32La montée en force de l’islam politique en Indonésie dans les années 1990 va susciter une crispation des Balinais sur leur identité religieuse, glosée en termes de « renaissance hindoue » (Kebangkitan Hindu). Ce mouvement s’est traduit par l’émergence de nouvelles organisations religieuses, qui reprochaient au Parisada tout à la fois son conservatisme, sa soumission politique à l’Ordre nouveau et sa passivité envers les attaques islamiques à l’encontre de l’agama Hindu. Ces critiques étaient portées par deux courants socio-religieux qui répondaient à des finalités divergentes mais dont les acteurs étaient issus des mêmes milieux – les warga et les sampradaya.
33Le mouvement des warga renoue avec la lutte des jaba pour l’abolition des privilèges des triwangsa héritée de la période coloniale. Après l’indépendance, les principaux groupes titrés jaba se sont constitués en organisations formelles appelées warga, dans le but d’unifier tous les membres d’un groupe de parenté qui se considèrent, en vertu d’une relation généalogique présumée, les descendants d’un ancêtre commun. Leurs dirigeants se sont efforcés de faire reconnaître leurs droits contre les prérogatives des triwangsa et tout particulièrement d’abroger le monopole des brahmana sur la prêtrise initiée en promouvant le recours aux prêtres issus de leurs propres rangs.
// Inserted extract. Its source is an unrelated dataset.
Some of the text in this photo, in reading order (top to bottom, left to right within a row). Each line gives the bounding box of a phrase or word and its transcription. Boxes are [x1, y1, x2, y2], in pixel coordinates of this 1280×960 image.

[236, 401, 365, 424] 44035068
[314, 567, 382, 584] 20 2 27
Sous la pression des warga, le Parisada avait décrété lors de son 2e congrès, en 1968, que tous les hindous pouvaient accéder à l’initiation et que tous les prêtres dûment initiés étaient également qualifiés pour officier aux mêmes cérémonies. Ce décrêt n’a pas réglé la question pour autant car, en dépit de la position officielle du Parisada, certains de ses dirigeants ont continué à défendre le privilège exclusif des brahmana.
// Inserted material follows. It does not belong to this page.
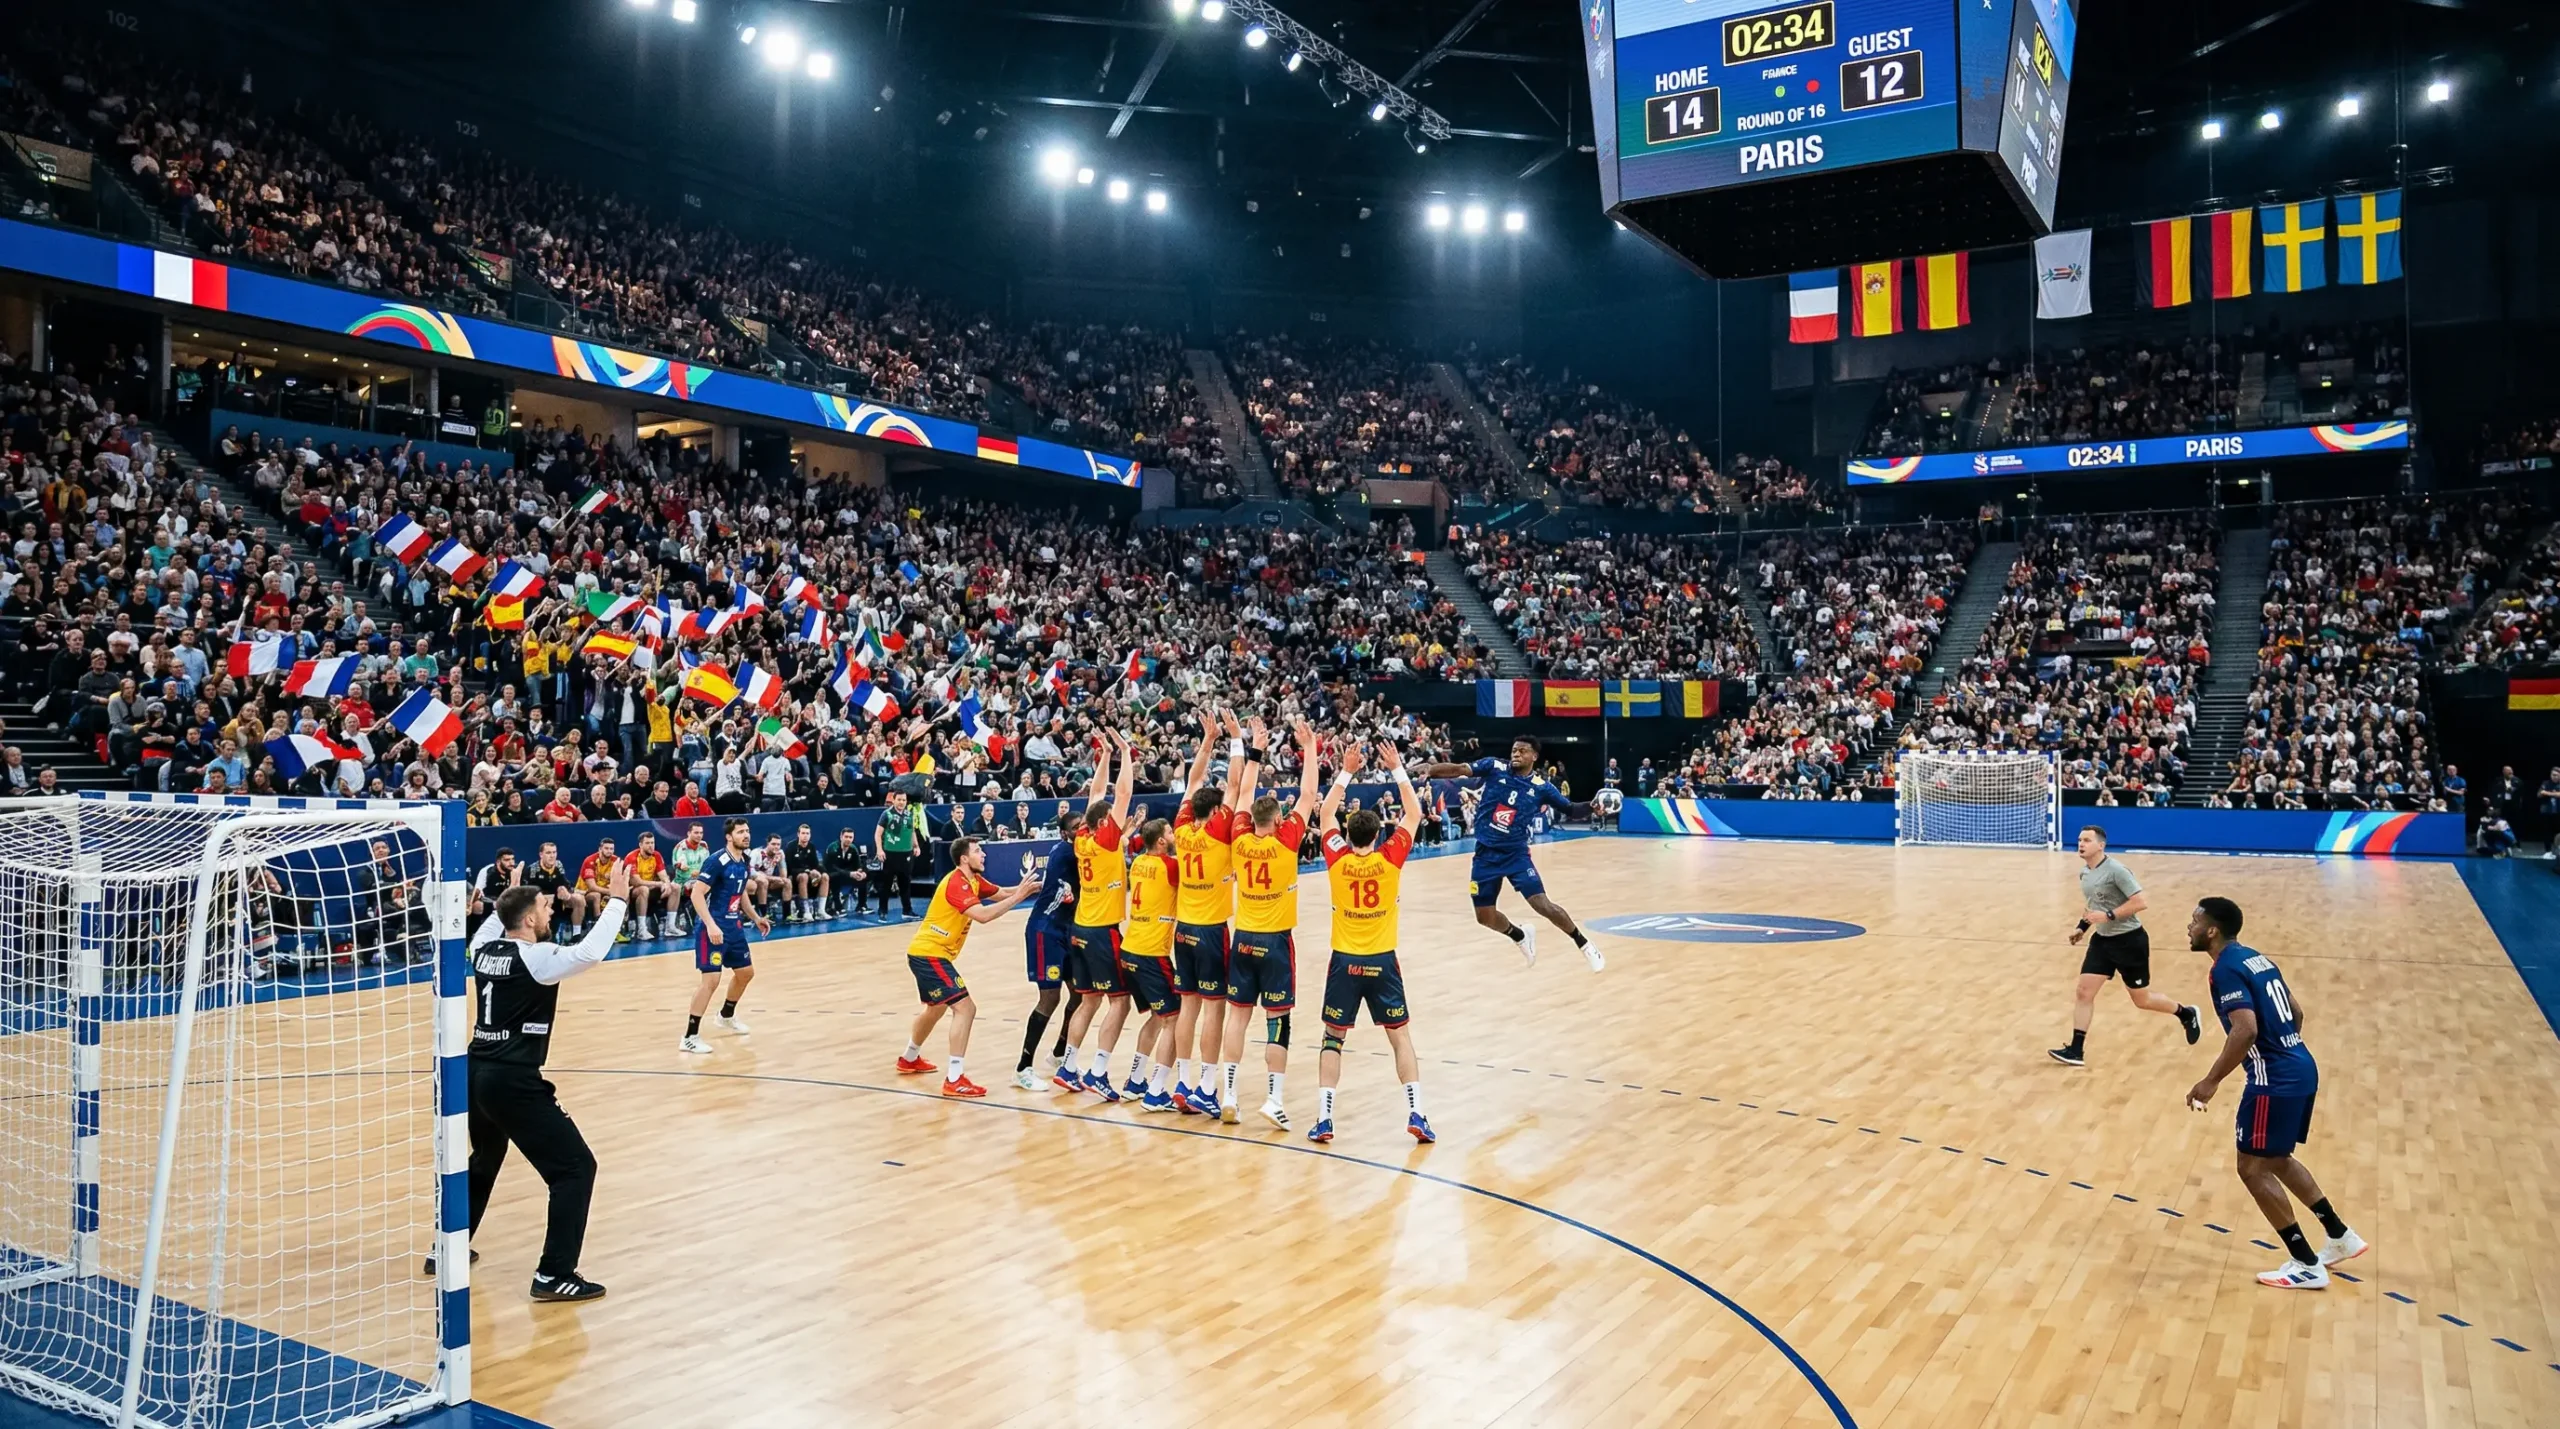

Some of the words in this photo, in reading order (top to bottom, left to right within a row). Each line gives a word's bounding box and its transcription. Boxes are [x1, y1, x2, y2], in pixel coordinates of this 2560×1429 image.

34Tout en appuyant la demande des warga pour que leurs prêtres puissent officier à l’égal des padanda, les réformateurs ne se satisfaisaient plus d’une religion reconnue au niveau national. Se voulant partie prenante d’une communauté religieuse transnationale, ils se sont tournés vers l’Inde en quête d’inspiration tout autant que de validation. Cette indianisation s’est manifestée par l’organisation de pèlerinages aux lieux saints de l’Inde, par la promotion de rites védiques et de pratiques telles que le végétarisme, ainsi que par la diffusion de mouvements dévotionnels néo-hindous (sampradaya) – au premier rang desquels Sai Baba et Hare Krishna. La propagation de ces mouvements en Indonésie a suscité des résistances au sein du Parisada comme du ministère de la Religion, dont la crainte était de voir apparaître des scissions entre sectes concurrentes, qui viendraient affaiblir une communauté hindoue déjà fragilisée par sa position minoritaire et fragmentée qui plus est de par la diversité de ses origines ethniques.
35Il apparaît donc que cette « renaissance hindoue » a conduit en fait à un fractionnement de l’allégeance religieuse des Balinais hindous en trois obédiences distinctes – Hindu-Bali, Hindu-Indonesia et Hindu-India – qui vont s’avérer difficiles à réconcilier. Tout se passe désormais comme si ni la religion traditionnelle, attachée à l’exécution correcte des rites, ni même sa version officielle, soucieuse d’éthique et de théologie, ne satisfaisaient plus une portion croissante de Balinais, en quête de dévotion religieuse tout autant que de conviction personnelle. Cette minorité active veut universaliser son identité religieuse en détachant complètement l’agama Hindu de l’adat Bali et en embrassant pleinement le néo-hindouisme indien.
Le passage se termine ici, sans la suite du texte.